During the season, the Météo-France office (MFR) on Réunion island issued warnings in tropical cyclones within the basin. Using satellite imagery from National Oceanic and Atmospheric Administration, the agency estimated intensity through the Dvorak technique, and warned on tropical cyclones in the region from the coast of Africa to 90° E, south of the equator. In September 1985, their area of responsibility shifted from 80° E to the current 90° E, although lack of satellite imagery along the eastern periphery prevented complete coverage. The World Meteorological Organization would later label the MFR as a Regional Specialized Meteorological Center in 1993. The Joint Typhoon Warning Center (JTWC), which is a joint United States Navy – United States Air Force task force, also issued tropical cyclone warnings for the southwestern Indian Ocean. The season's twelve named storms was well above the average of nine, while the five tropical cyclones – storms attaining maximum sustained winds of at least 120 km/h – was average.

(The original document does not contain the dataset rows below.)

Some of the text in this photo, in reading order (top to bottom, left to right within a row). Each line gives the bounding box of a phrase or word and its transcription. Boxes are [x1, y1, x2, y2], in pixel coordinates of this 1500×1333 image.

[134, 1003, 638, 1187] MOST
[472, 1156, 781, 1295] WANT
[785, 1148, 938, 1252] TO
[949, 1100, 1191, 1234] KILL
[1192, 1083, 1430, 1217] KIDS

The MFR considered the tropical cyclone year to begin on August 1 and continue to July 31 of the following year. By December 1985, water temperatures were cooler than normal across the Indian Ocean. However, the monsoon intensified the following month, allowing for increased tropical cyclogenesis. There were no El Niño conditions by March.

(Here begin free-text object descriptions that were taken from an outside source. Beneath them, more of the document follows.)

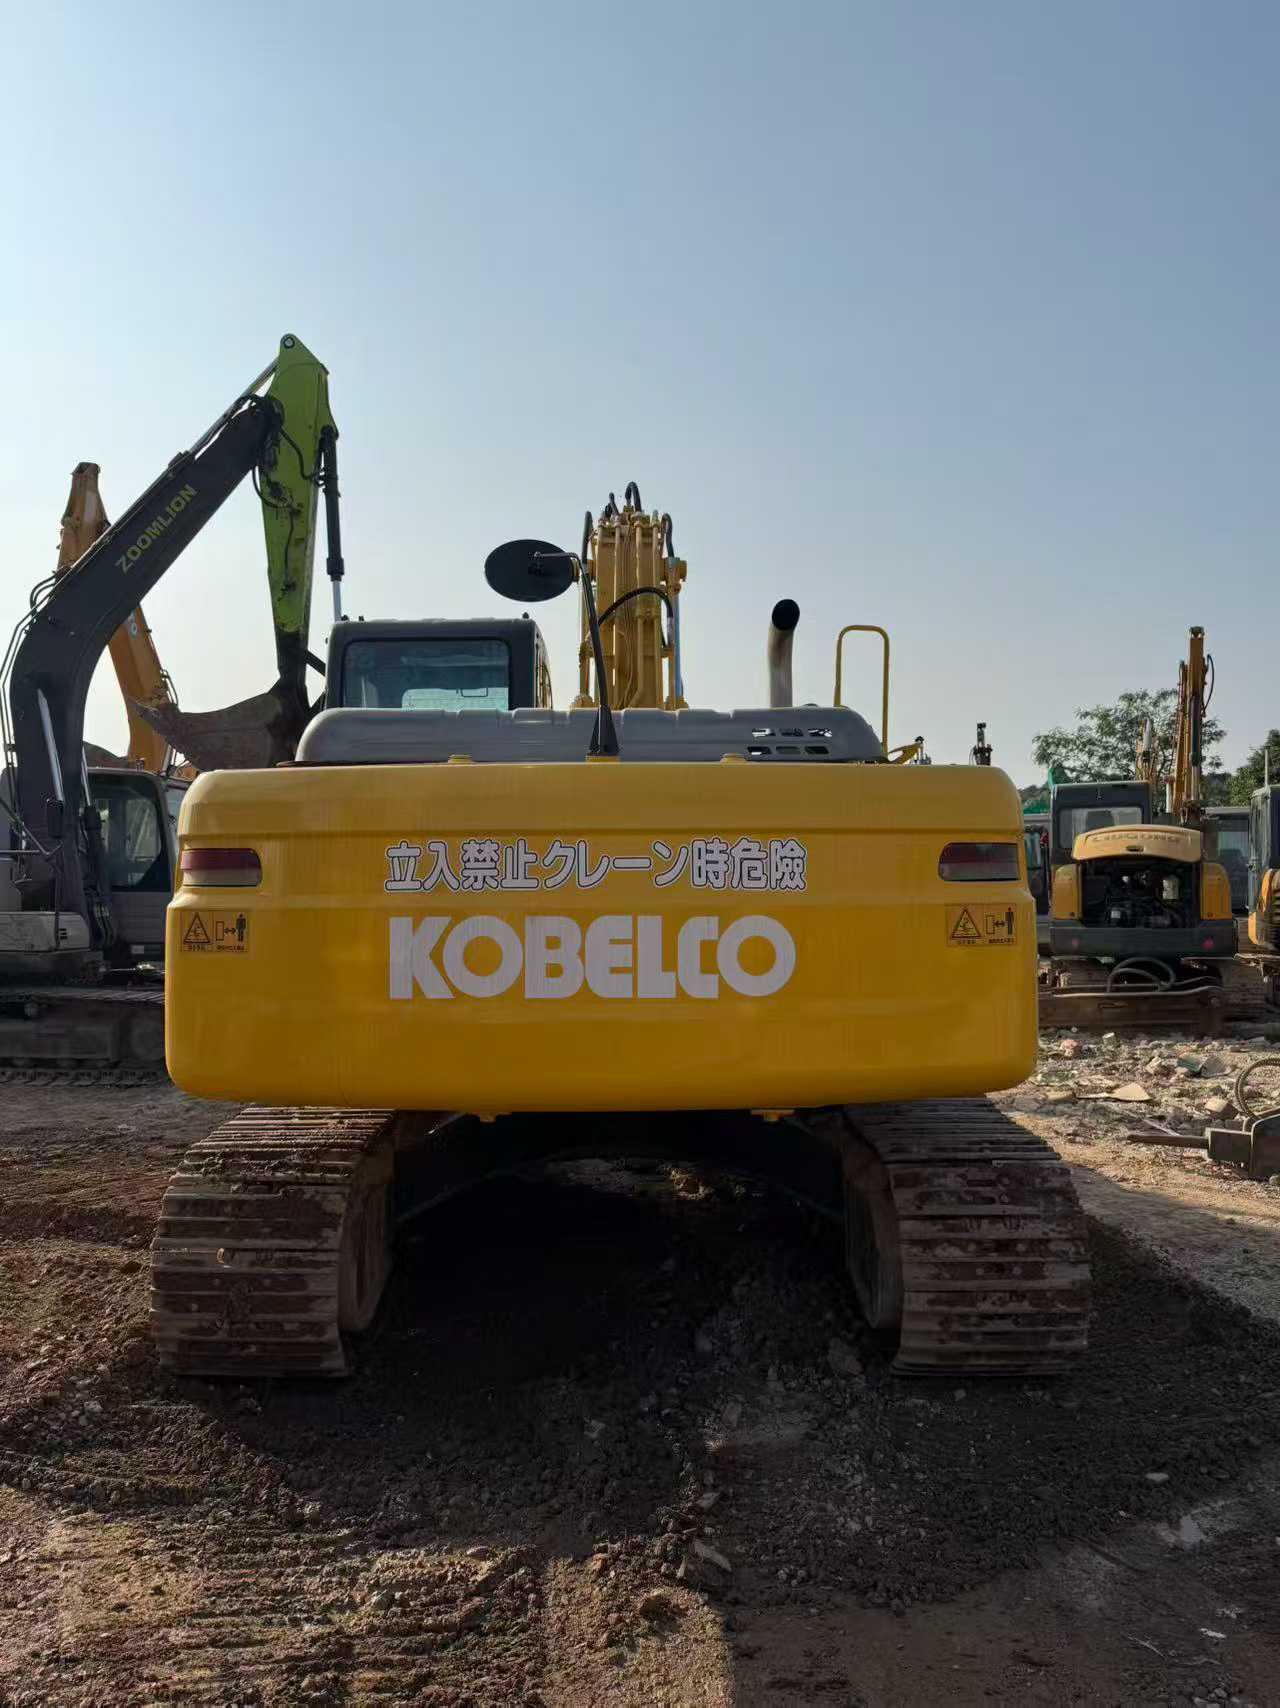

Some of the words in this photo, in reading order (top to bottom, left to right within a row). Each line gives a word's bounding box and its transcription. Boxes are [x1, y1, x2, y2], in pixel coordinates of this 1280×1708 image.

[116, 485, 197, 573] ZOOMLION
[385, 837, 807, 892] 立入禁止クレーン時危險
[389, 914, 797, 1000] KOBELCO
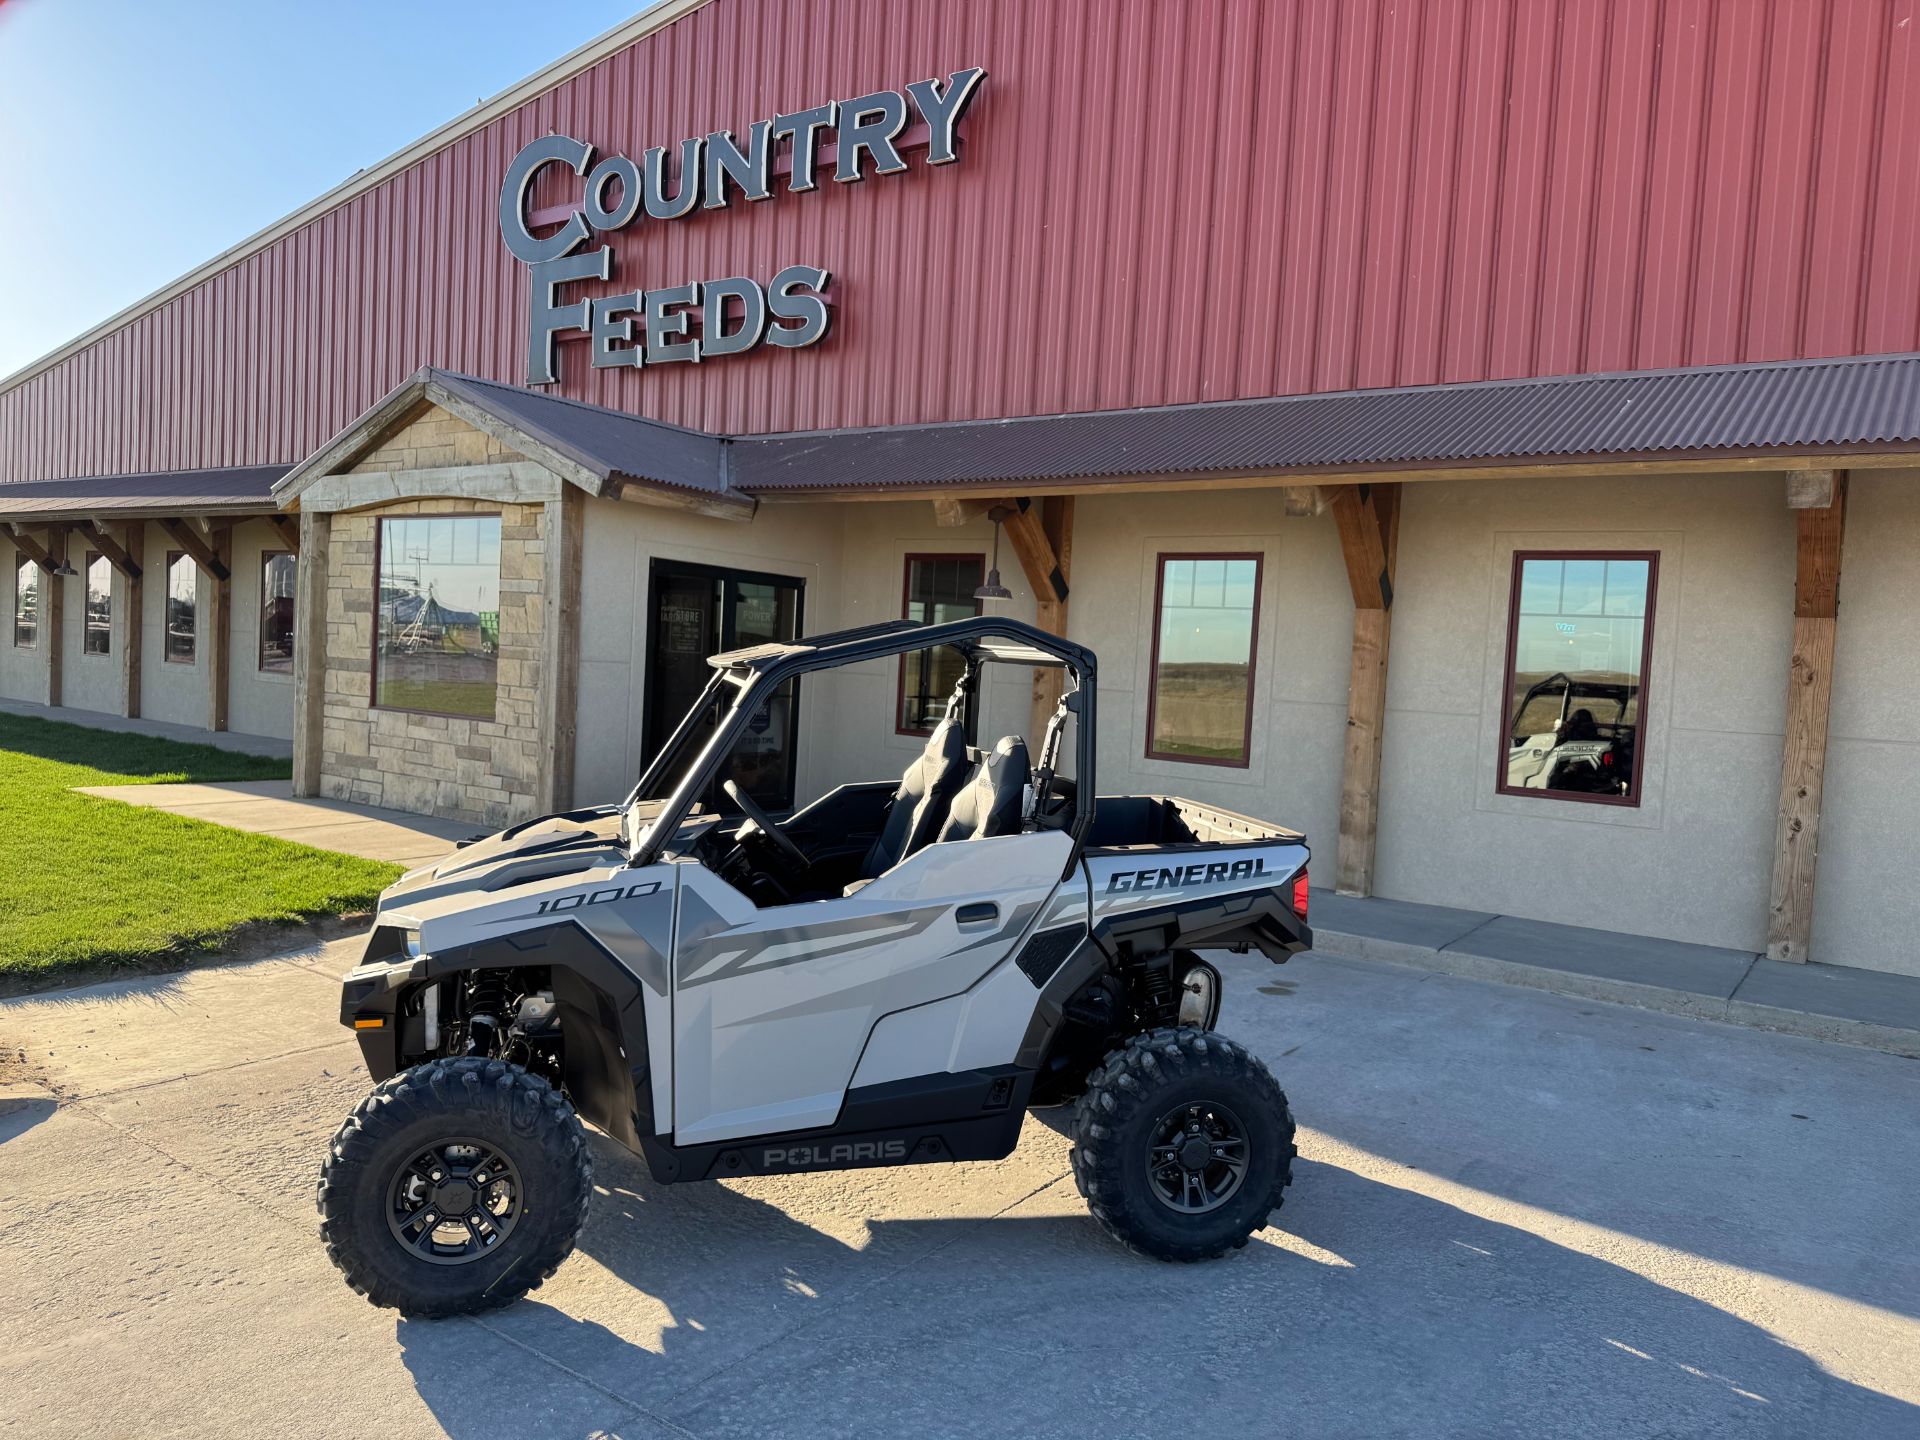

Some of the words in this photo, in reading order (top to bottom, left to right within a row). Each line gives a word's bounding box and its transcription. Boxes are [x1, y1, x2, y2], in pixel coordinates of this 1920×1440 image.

[499, 66, 988, 265] COUNTRY
[525, 244, 832, 385] FEEDS
[1105, 857, 1272, 895] GENERAL
[537, 881, 662, 915] 1000
[763, 1139, 906, 1168] POLARIS

In addition to the storms tracked by the MFR, the JTWC followed a short-lived tropical storm in September. Classified as Tropical Cyclone 01S, the storm developed on September 23 to the east-southeast of Diego Garcia, which is an atoll in the central Indian Ocean. It failed to intensify beyond peak 1 minute winds of 75 km/h, and after passing south of Diego Garcia, the storm dissipated on September 29 south of the Seychelles.

== Systems ==

=== Tropical Depression Alifredy ===

On December 23, a tropical depression formed in the Mozambique Channel, accompanied by spiral rainbands toward the center. That day, the system reached peak winds of 65 km/h, and the Madagascar Meteorological Service named it Alifredy. The storm moved quickly southeastward toward Madagascar. High pressures to the south prevented much development, and Alifredy moved ashore near Morondava in western Madagascar on December 24 at peak intensity. While crossing the island, the storm weakened into a tropical depression. Alifredy emerged into the open Indian Ocean and failed to restrengthen. It became extratropical and turned southeastward, dissipating on December 27 within the westerlies. The JTWC did not track the storm. Alifredy had little impacts on Madagascar; Morombe reported a peak wind gust of 56 km/h.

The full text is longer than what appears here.